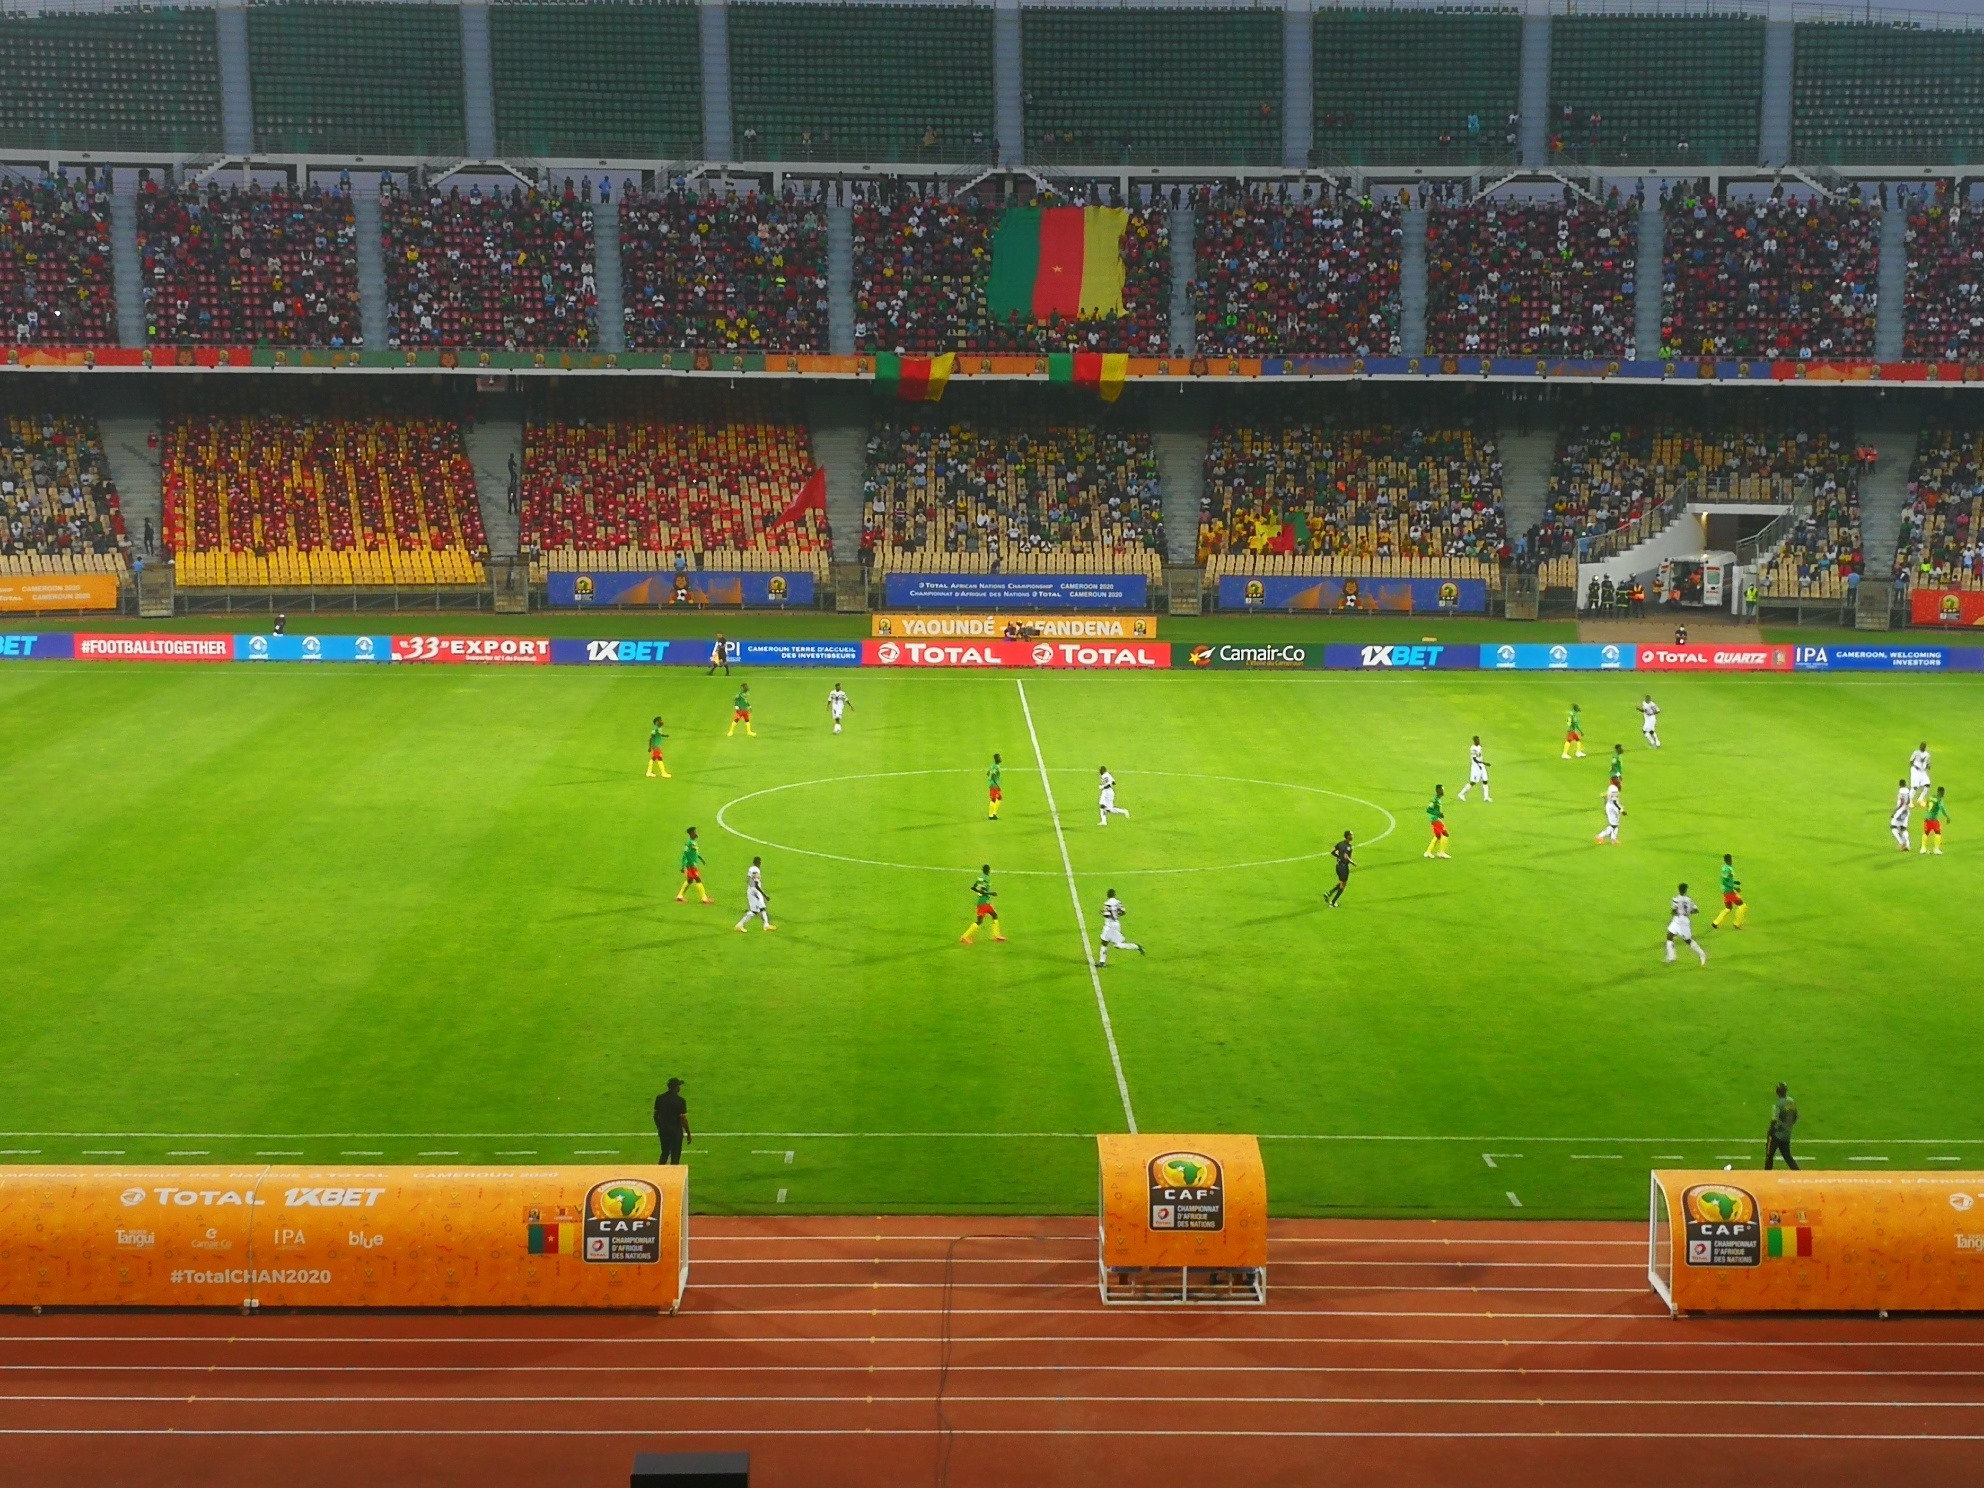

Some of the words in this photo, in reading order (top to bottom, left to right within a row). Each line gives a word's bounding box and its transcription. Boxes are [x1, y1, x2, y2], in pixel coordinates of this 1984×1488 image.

[901, 616, 996, 636] YAOUNDÉ
[1022, 620, 1124, 636] FANDENA
[0, 635, 38, 655] ET
[81, 639, 226, 654] #FOOTBALLTOGETHER
[450, 640, 549, 655] EXPORT
[586, 641, 670, 661] 1XBET
[1219, 644, 1306, 661] Camair-Co
[904, 642, 1002, 664] TOTAL
[1058, 643, 1156, 665] TOTAL
[1361, 645, 1444, 666] 1XBET
[1656, 650, 1708, 663] TOTAL
[1713, 651, 1767, 664] QUARTZ
[1796, 647, 1828, 662] IPA
[1836, 651, 1887, 659] CAMEROON,
[153, 1187, 266, 1206] TOTAL
[284, 1187, 386, 1206] 1XBET
[1164, 1189, 1208, 1200] CAF
[600, 1220, 644, 1232] CAF
[1177, 1220, 1189, 1228] DES
[1189, 1220, 1216, 1228] NATIONS
[1700, 1224, 1745, 1235] CAF
[114, 1229, 155, 1248] Tangui
[274, 1229, 306, 1244] IPA
[348, 1230, 384, 1249] blue
[611, 1236, 655, 1244] CHAMPIONNAT
[1713, 1240, 1757, 1248] CHAMPIONNAT
[1953, 1233, 1984, 1251] Tang
[611, 1244, 643, 1252] D'AFRIQUE
[1713, 1248, 1745, 1256] D'AFRIQUE
[611, 1252, 624, 1260] DES
[625, 1252, 651, 1260] NATIONS
[170, 1269, 332, 1284] #TotalCHAN2020
# # #
AIM OF THE EXERCISE |
The entries above need to be repeated word for word, minus their pictures.

RESULT |
Some of the words in this photo, in reading order (top to bottom, left to right within a row). Each line gives a word's bounding box and its transcription. Boxes are [x1, y1, x2, y2], in pixel coordinates of this 1984×1488 image.

[901, 616, 996, 636] YAOUNDÉ
[1022, 620, 1124, 636] FANDENA
[0, 635, 38, 655] ET
[81, 639, 226, 654] #FOOTBALLTOGETHER
[450, 640, 549, 655] EXPORT
[586, 641, 670, 661] 1XBET
[1219, 644, 1306, 661] Camair-Co
[904, 642, 1002, 664] TOTAL
[1058, 643, 1156, 665] TOTAL
[1361, 645, 1444, 666] 1XBET
[1656, 650, 1708, 663] TOTAL
[1713, 651, 1767, 664] QUARTZ
[1796, 647, 1828, 662] IPA
[1836, 651, 1887, 659] CAMEROON,
[153, 1187, 266, 1206] TOTAL
[284, 1187, 386, 1206] 1XBET
[1164, 1189, 1208, 1200] CAF
[600, 1220, 644, 1232] CAF
[1177, 1220, 1189, 1228] DES
[1189, 1220, 1216, 1228] NATIONS
[1700, 1224, 1745, 1235] CAF
[114, 1229, 155, 1248] Tangui
[274, 1229, 306, 1244] IPA
[348, 1230, 384, 1249] blue
[611, 1236, 655, 1244] CHAMPIONNAT
[1713, 1240, 1757, 1248] CHAMPIONNAT
[1953, 1233, 1984, 1251] Tang
[611, 1244, 643, 1252] D'AFRIQUE
[1713, 1248, 1745, 1256] D'AFRIQUE
[611, 1252, 624, 1260] DES
[625, 1252, 651, 1260] NATIONS
[170, 1269, 332, 1284] #TotalCHAN2020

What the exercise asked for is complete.